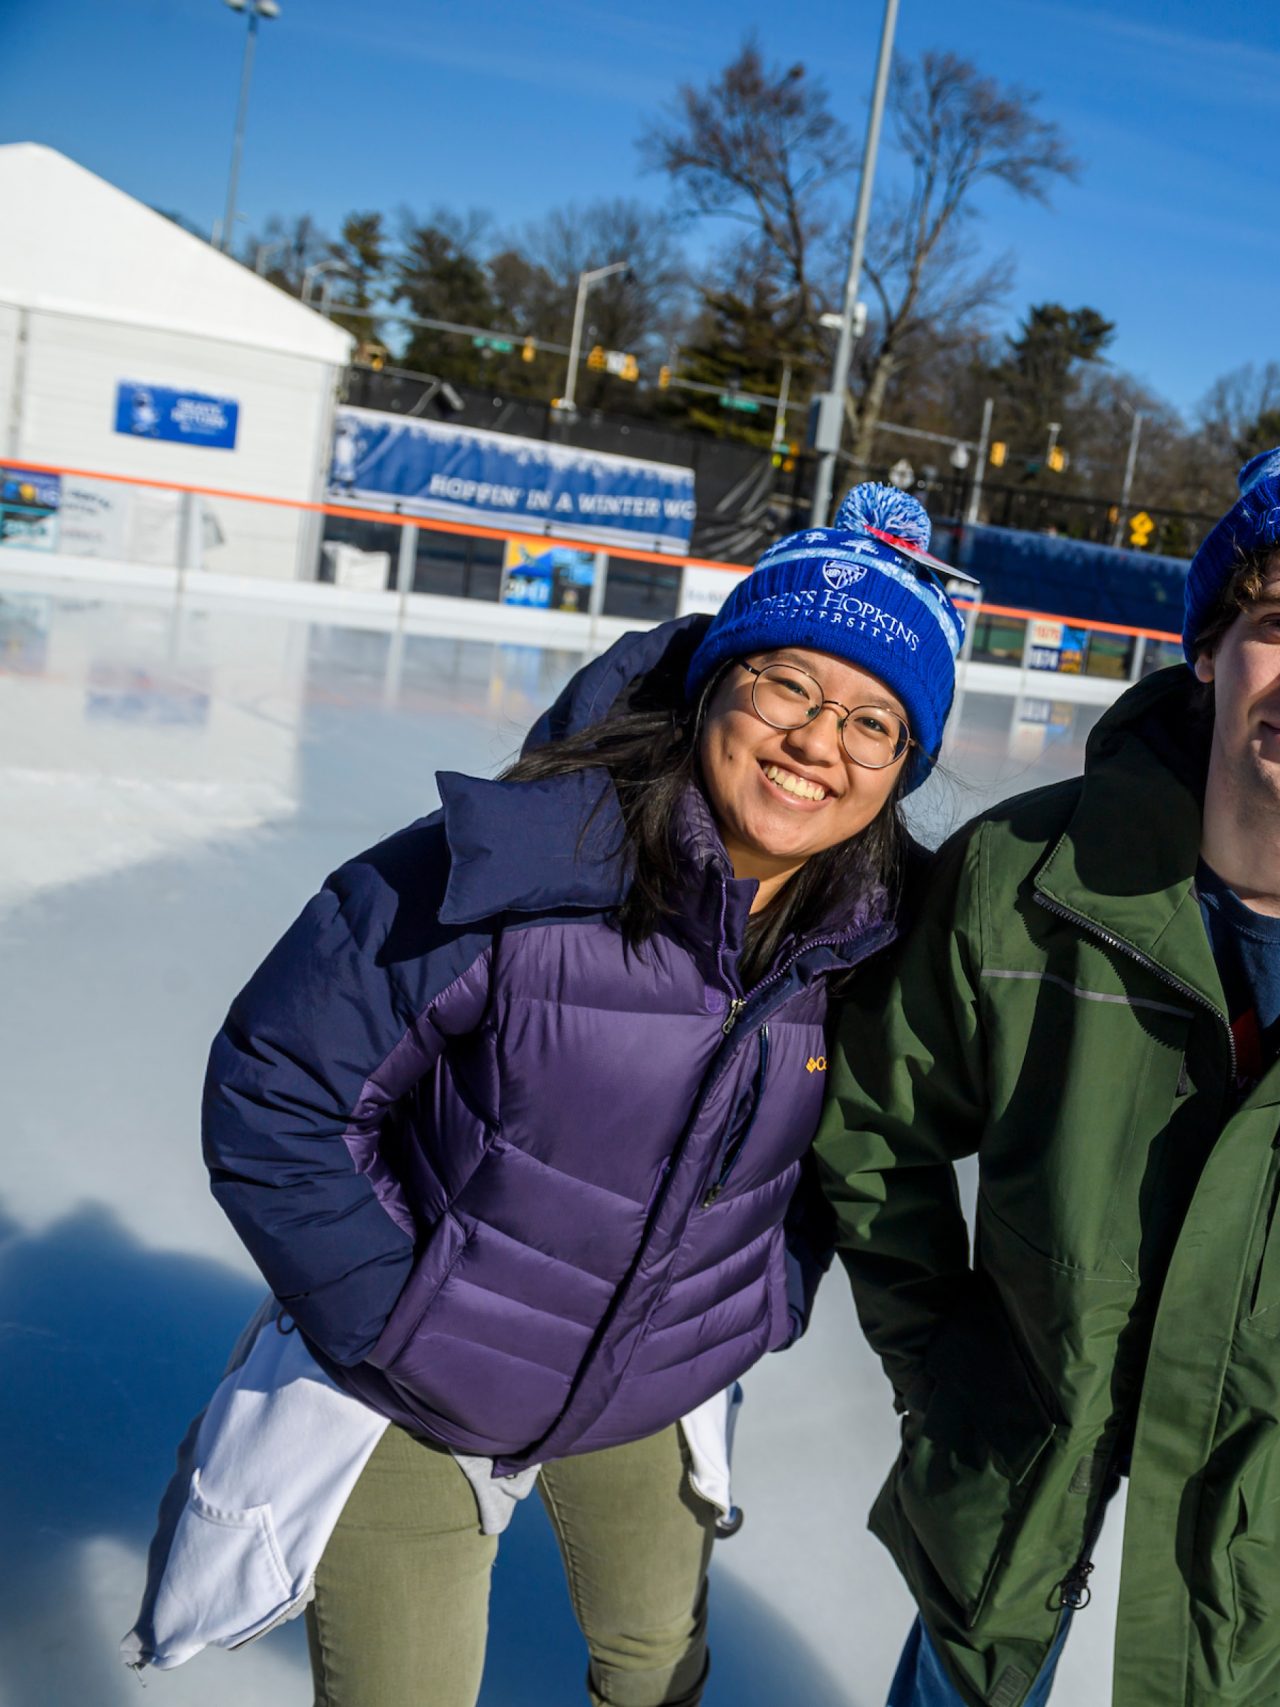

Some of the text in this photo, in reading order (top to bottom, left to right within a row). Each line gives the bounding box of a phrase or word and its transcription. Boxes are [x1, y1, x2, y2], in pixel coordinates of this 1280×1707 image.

[526, 489, 553, 511] IN
[555, 491, 574, 513] A
[578, 493, 661, 518] WINTER
[764, 608, 894, 644] IVERSITY
[823, 588, 920, 652] HOPKINS
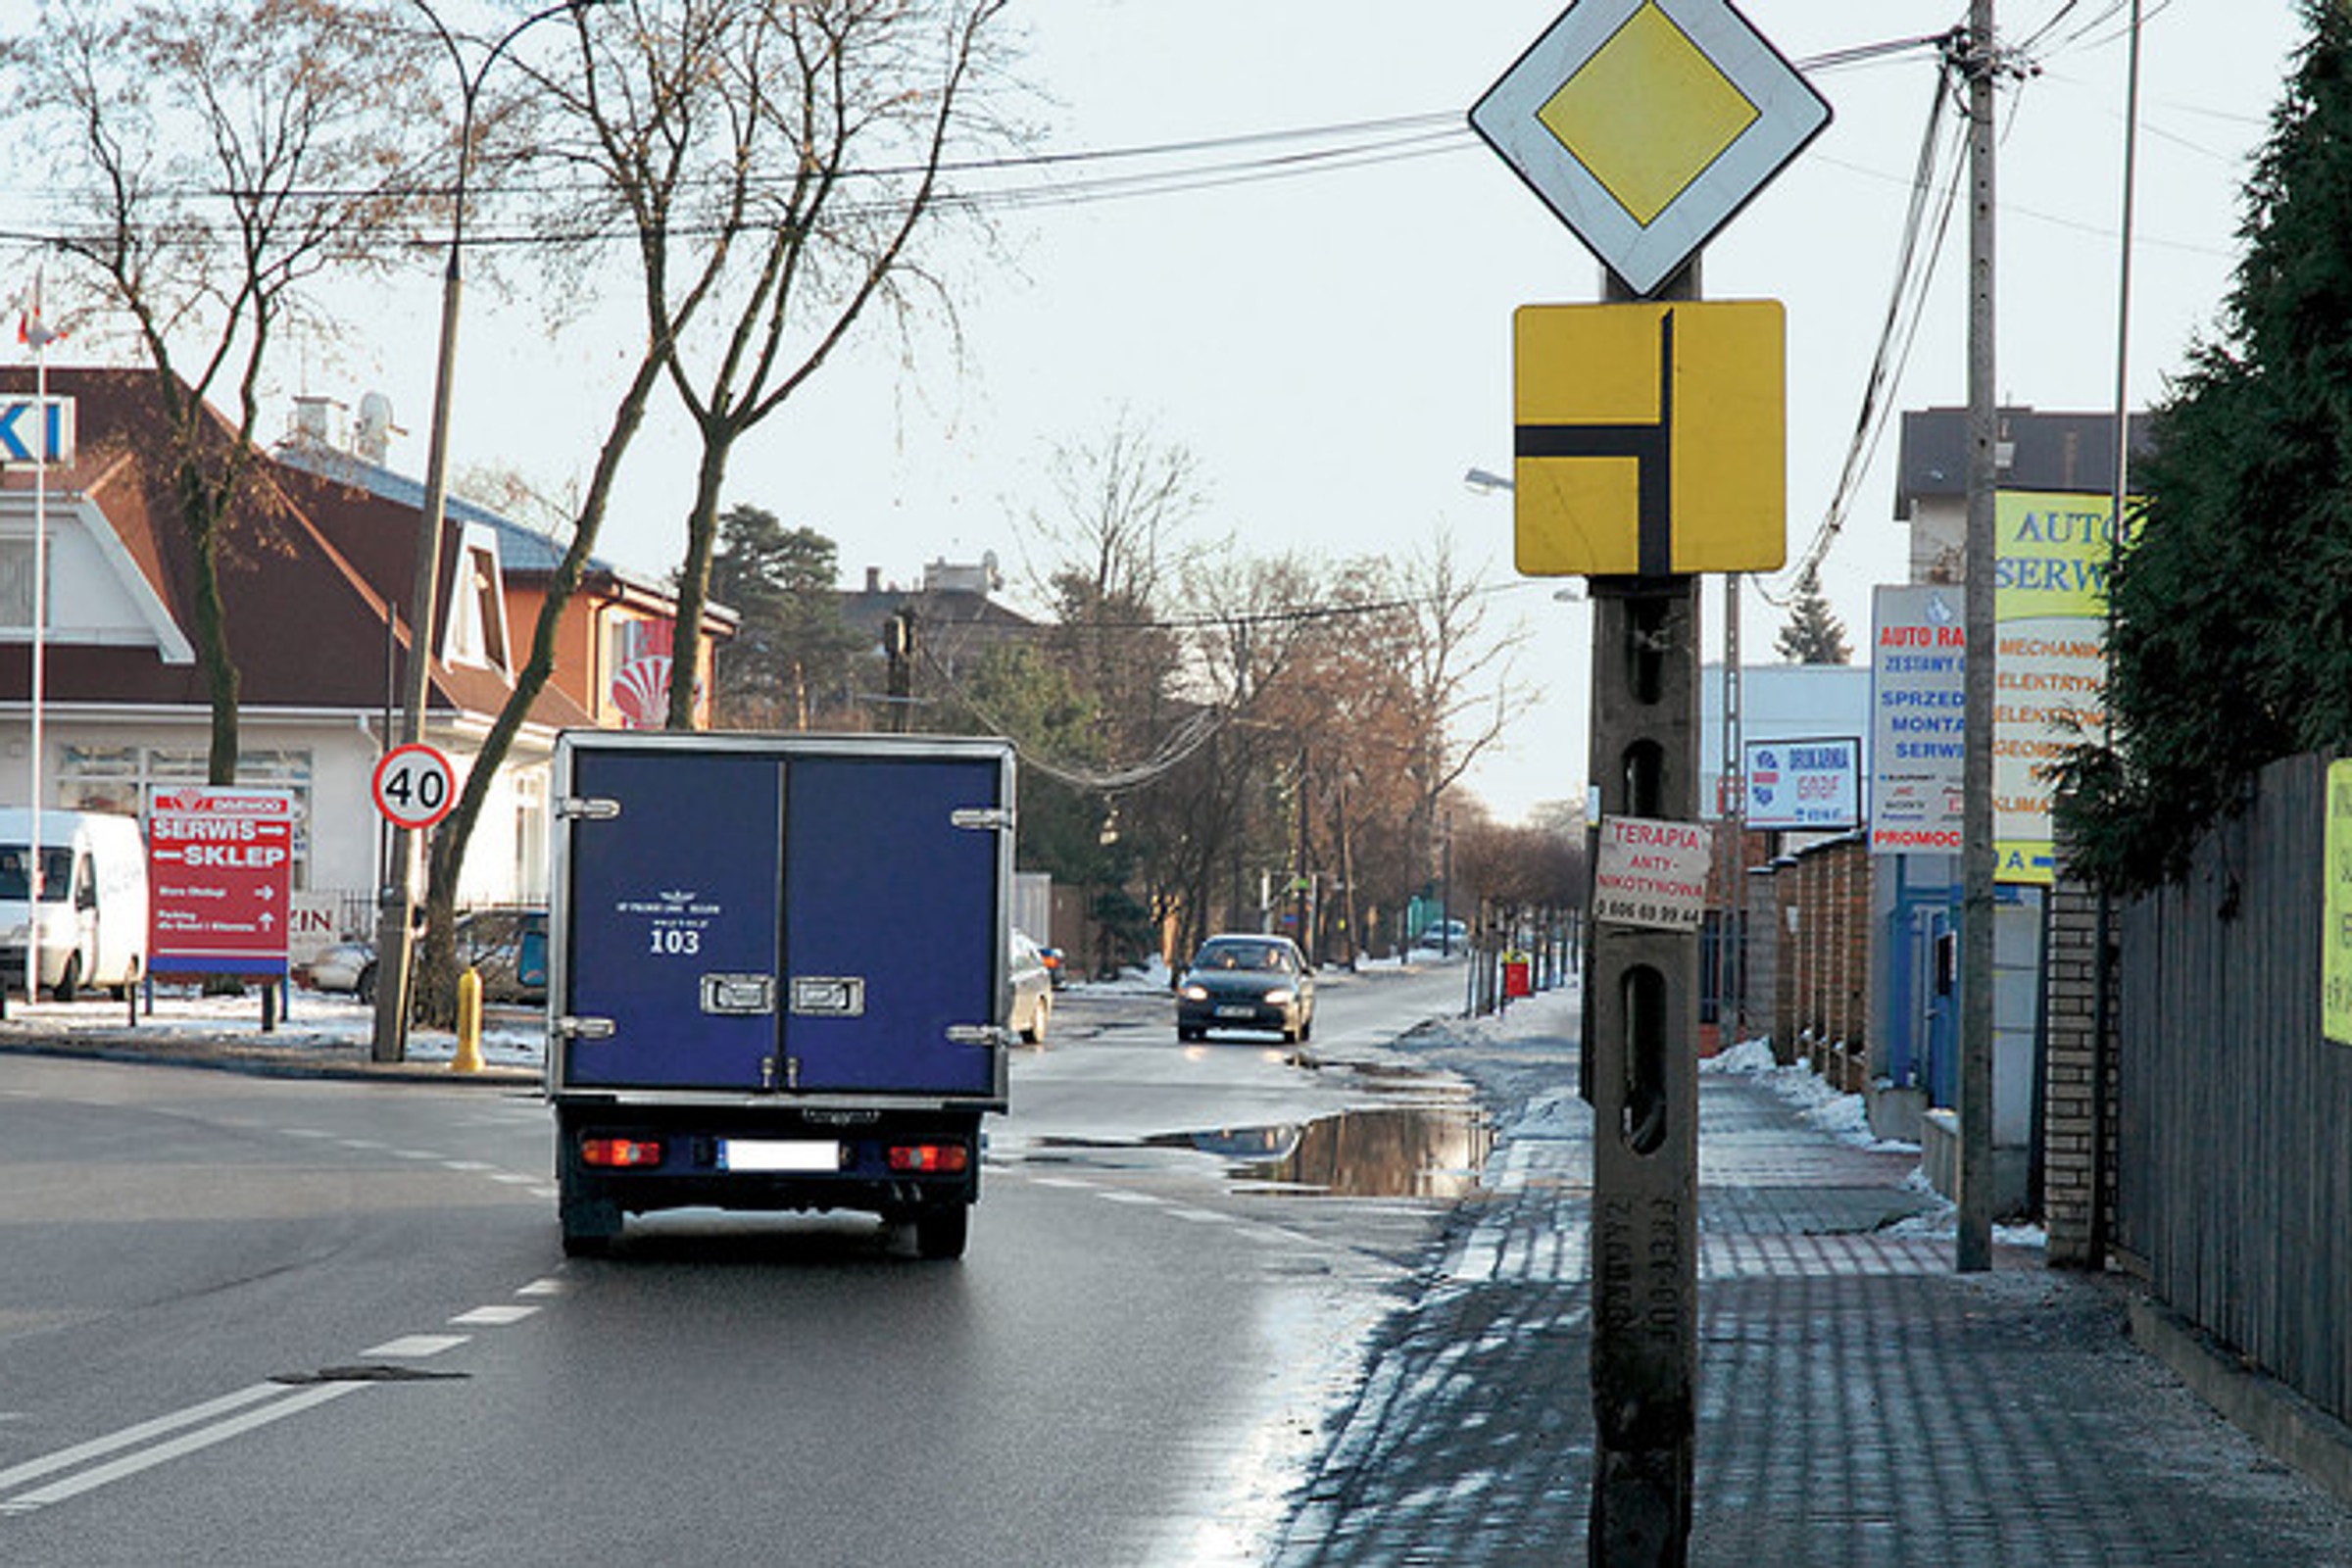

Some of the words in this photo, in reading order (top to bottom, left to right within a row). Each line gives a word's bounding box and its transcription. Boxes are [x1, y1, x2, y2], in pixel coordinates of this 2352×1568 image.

[1880, 626, 1933, 647] AUTO
[1938, 626, 1965, 647] RA
[1886, 657, 1955, 672] ZESTAWY
[1882, 691, 1966, 707] SPRZED
[385, 767, 444, 808] 40
[155, 820, 257, 841] SERWIS
[1615, 823, 1699, 851] TERAPIA
[1875, 830, 1962, 848] PROMOC
[184, 845, 285, 867] SKLEP
[1598, 873, 1703, 898] NIKOTYNOWA
[651, 930, 699, 954] 103

──────────────────────────────

Using the listing above, return exactly, and only, the lines from the one that contains "Some of the words" through its last line, both included.

Some of the words in this photo, in reading order (top to bottom, left to right within a row). Each line gives a word's bounding box and its transcription. Boxes are [x1, y1, x2, y2], in pixel coordinates of this 2352×1568 image.

[1880, 626, 1933, 647] AUTO
[1938, 626, 1965, 647] RA
[1886, 657, 1955, 672] ZESTAWY
[1882, 691, 1966, 707] SPRZED
[385, 767, 444, 808] 40
[155, 820, 257, 841] SERWIS
[1615, 823, 1699, 851] TERAPIA
[1875, 830, 1962, 848] PROMOC
[184, 845, 285, 867] SKLEP
[1598, 873, 1703, 898] NIKOTYNOWA
[651, 930, 699, 954] 103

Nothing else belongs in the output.